La reazione di Rooney e del mondo del calcio
Le parole di Salah non potevano passare inosservate. A intervenire con decisione è stato Wayne Rooney, ex bandiera del Manchester United e oggi opinionista, che nel suo podcast per la BBC ha analizzato la vicenda con toni critici. “Arne Slot deve mostrare la sua autorità, coinvolgerlo e dirgli ‘non viaggi con la squadra, quello che hai detto non è accettabile'”, ha dichiarato Rooney. L’ex attaccante della nazionale inglese ha poi aggiunto il carico da novanta: “Sta assolutamente distruggendo la sua eredità al Liverpool. Sarebbe triste per lui buttare via tutto. Ha sbagliato tutto”. Un’opinione forte, che riflette il pensiero di molti addetti ai lavori e tifosi, i quali vedono nel comportamento di Salah una mancanza di rispetto verso il club, i compagni e l’allenatore.
Anche altre figure iconiche del Liverpool, come Jamie Carragher, hanno criticato aspramente l’atteggiamento dell’egiziano, definendolo “vergognoso” e accusandolo di voler minare l’autorità di Slot.
Le contromosse del Liverpool e di Slot
La risposta del club non si è fatta attendere. Nonostante Salah si sia allenato regolarmente con la squadra, è stato escluso dalla lista dei convocati per l’importante sfida di Champions League contro l’Inter a San Siro. Una decisione presa di comune accordo tra la dirigenza e l’allenatore, che in conferenza stampa ha ammesso di essere “sorpreso” dalle dichiarazioni del suo giocatore e di non avere “idea” se Salah giocherà ancora per il club. Slot ha negato la rottura del loro rapporto, ma ha sottolineato che il giocatore non è stato autorizzato a condividere i suoi sentimenti con i media in quel modo. Una presa di posizione netta, che mira a ristabilire l’ordine e l’autorità all’interno dello spogliatoio.
Quale futuro per Salah?
Con un contratto in scadenza nel 2027, firmato solo pochi mesi fa, il futuro di Mohamed Salah è ora avvolto nell’incertezza. La partenza per la Coppa d’Africa potrebbe rappresentare un periodo di riflessione, ma la frattura sembra troppo profonda per essere ricomposta facilmente. Le ipotesi sul suo futuro si moltiplicano:
- Cessione a gennaio: Una soluzione drastica ma possibile per evitare ulteriori tensioni.
- Addio in estate: Lo scenario più probabile, che permetterebbe al Liverpool di cercare un sostituto con calma.
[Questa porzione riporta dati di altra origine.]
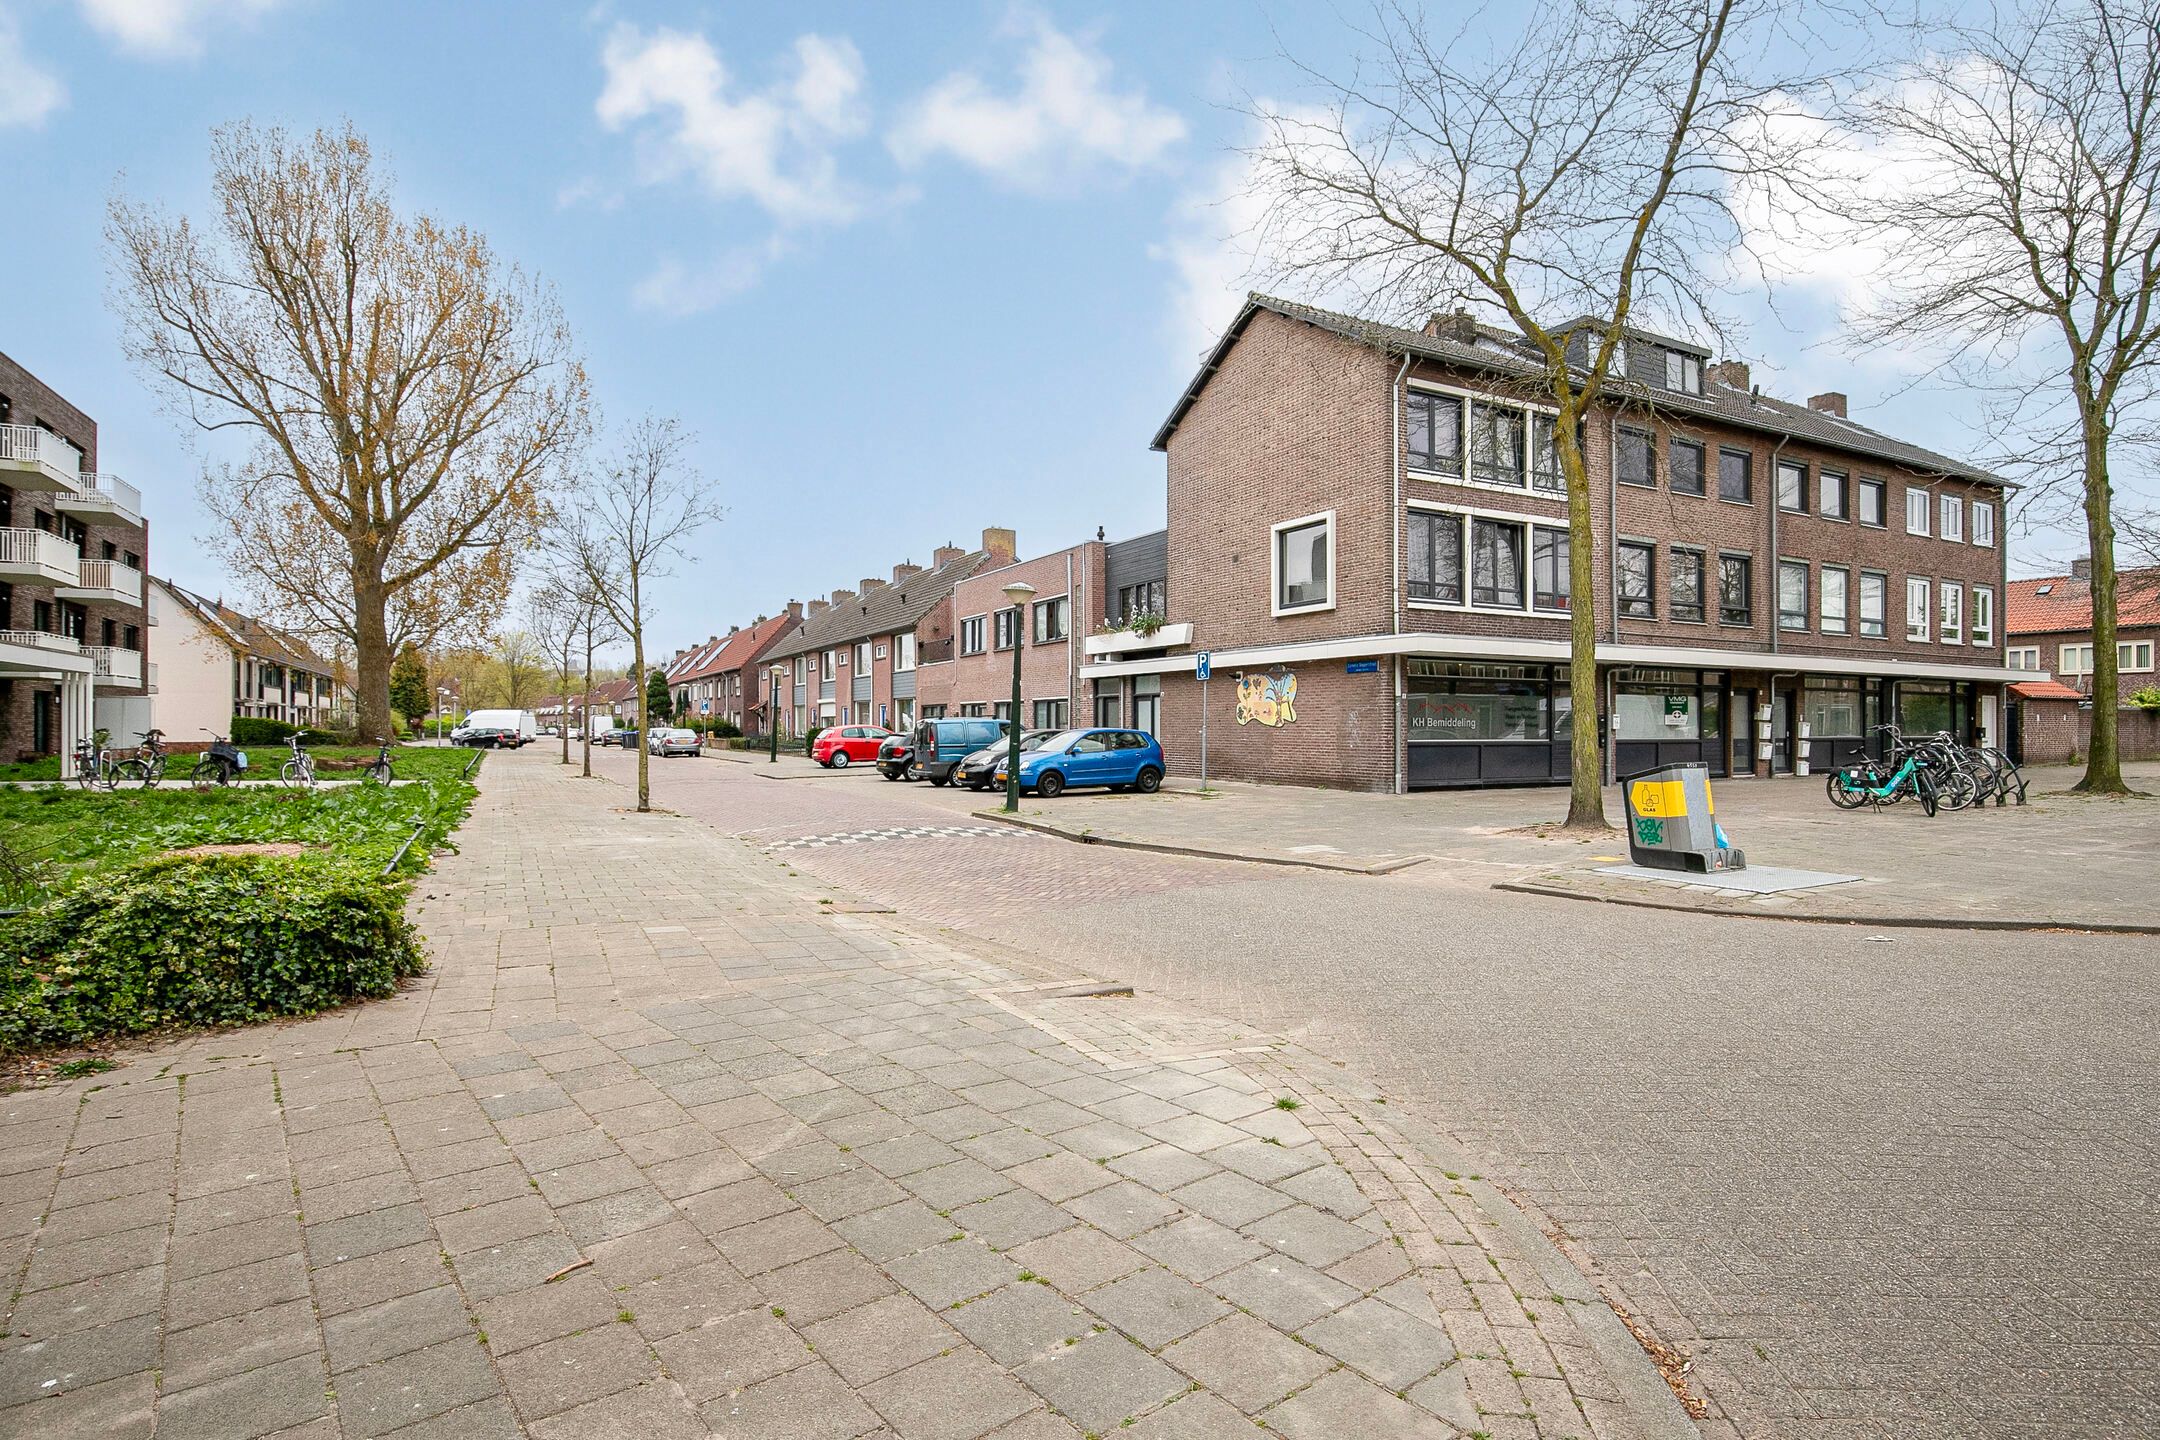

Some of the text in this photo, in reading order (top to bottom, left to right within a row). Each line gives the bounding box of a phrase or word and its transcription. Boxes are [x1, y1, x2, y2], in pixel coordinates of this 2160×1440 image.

[1200, 655, 1207, 668] P
[1412, 717, 1476, 729] KH Bemiddeling
- Permanenza con ricucitura: L’ipotesi meno probabile al momento, che richiederebbe un passo indietro significativo da parte del giocatore.
Le sirene del campionato saudita, che già in passato avevano tentato l’egiziano, tornano a farsi sentire con insistenza. Ma non si escludono altre destinazioni, come un clamoroso ritorno in Serie A o un’avventura nella MLS. Quello che è certo è che il regno del “Faraone” a Liverpool, dopo anni di gol, trofei e idolatria, rischia di concludersi nel modo più amaro, lasciando una macchia su un’eredità che sembrava destinata a rimanere immacolata per sempre.